横にいたはずの女子の背中も、気づけば見えなくなっている。

置いていかれている。

経験者であるはずの、私が。

「一緒にゴールしよう」という言葉は、開始30分で静かに解散していた。

やっぱりな、と思った。

思ったが、それはそれとして、地味に寂しい。

海はきれいだった。

潮風も気持ちよかった。

だが、その景色を、私はほぼ一人で堪能することになった。

ひとりで黙々と走っていると、頭の中で、勝手に実況が始まった。

「はい、経験者のはずのゴリねえ選手、後方に沈んでいきます。周りは初心者ばかりのはずなのですが、なぜでしょうか」

少し間を置いて、もう一人の自分が答える。

「解説の私にもわかりません。経験というのは、こういうとき、あまり役に立たないようです」

自分で自分に実況され、自分で自分に解説される。

傍から見れば、なかなか惨めな絵面だ。

だが、笑えてくるので、これはこれで悪くない時間の潰し方だった。

たまに、追い抜いていく見知らぬランナーが、

「頑張ってー」

と声をかけてくれる。

一年前の東京マラソンと、まったく同じ現象が起きていた。

私は、応援される専門家になりつつあった。

そうして、経験者としての面目もなにもなく、私は同僚たちよりだいぶ遅れてゴールした。

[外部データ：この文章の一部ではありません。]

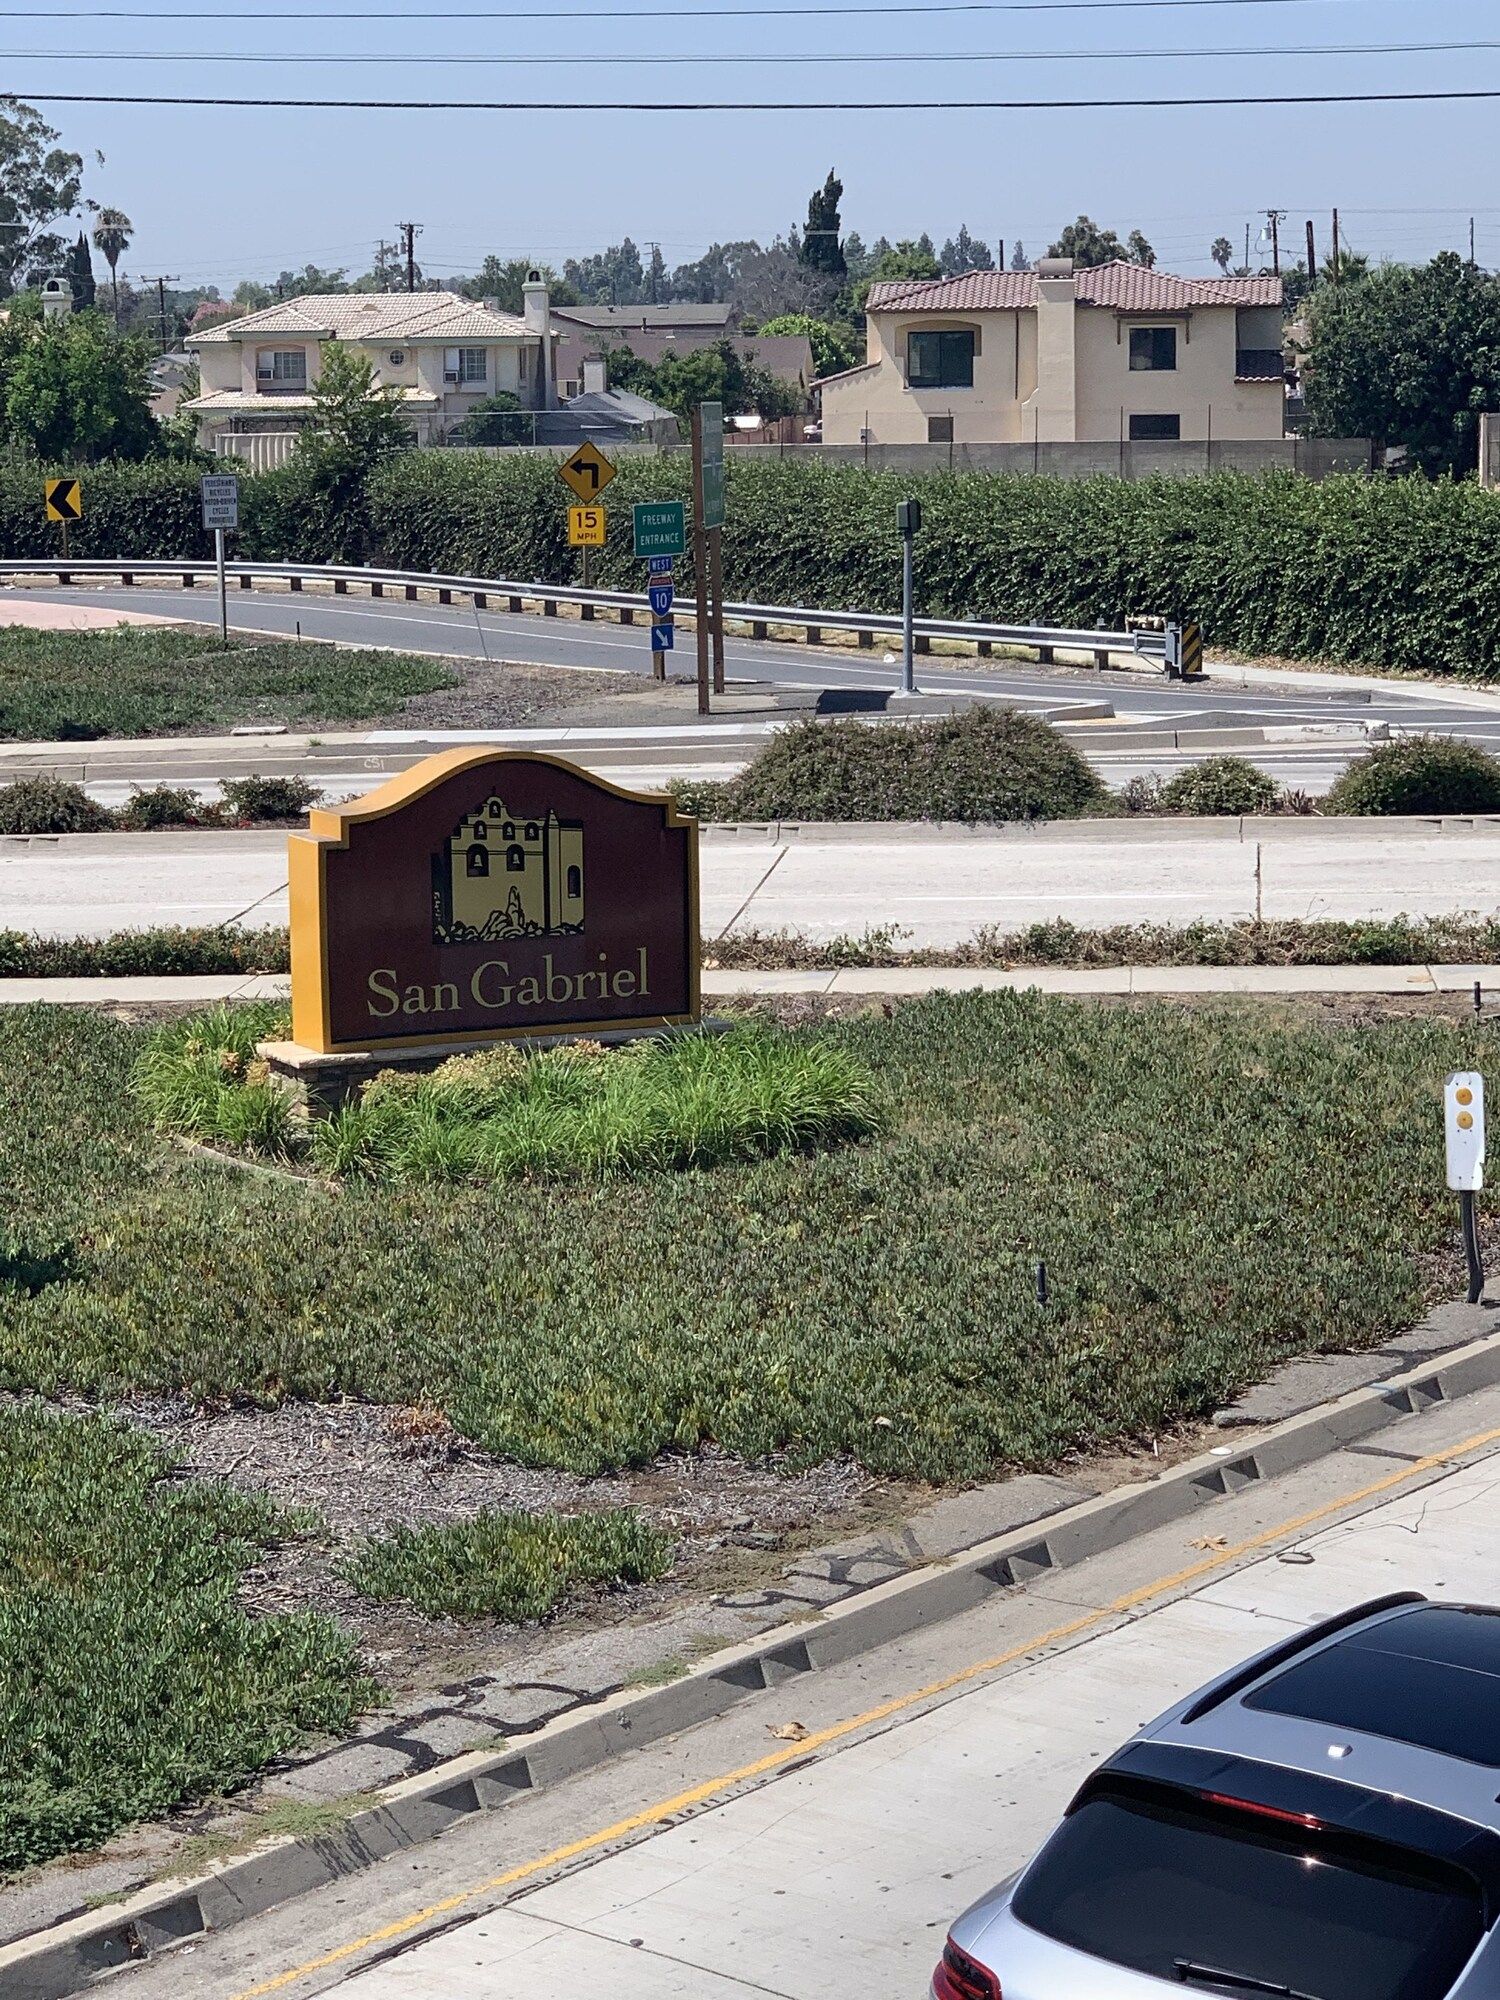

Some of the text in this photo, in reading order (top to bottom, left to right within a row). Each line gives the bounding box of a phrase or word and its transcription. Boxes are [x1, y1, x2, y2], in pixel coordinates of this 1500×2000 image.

ゴールゲートをくぐると、先にゴールしていた3人が、拍手で迎えてくれた。

どうやら、それなりに待っていてくれたらしい。

そして、女子の同僚が紙コップを差し出してきた。

「はい、ミルクティー」

ミルクティー。

こんなに死にかけているのに、ミルクティー。

正直、最初は、

「今それ?」

と思った。

スポーツドリンクでも、水でもなく、ミルクティー。

だが、疑いながらも一口飲んだ瞬間、体が「うそでしょ」と震えた。

甘くて、まろやかで、変な生き返り方をした。

21キロ走った体に、ミルクティーがこんなに効くとは、誰も教えてくれなかった。

「なにこれ、おいしい……」

思わず、二口目、三口目と、あっという間に飲み干していた。

疲労も、置いていかれた地味な寂しさも、ミルクティーと一緒にどこかへ流れていった。

結局、全部よかったな、と思った。

戦績。

ハーフマラソン完走。

同僚3人に敗北。

ミルクティー1杯で、全部帳消し。

次のマラソンでも、

「一緒にゴールしよう」

と言われたら、たぶんまた笑顔でうなずくと思う。

そして、たぶんまた置いていかれる。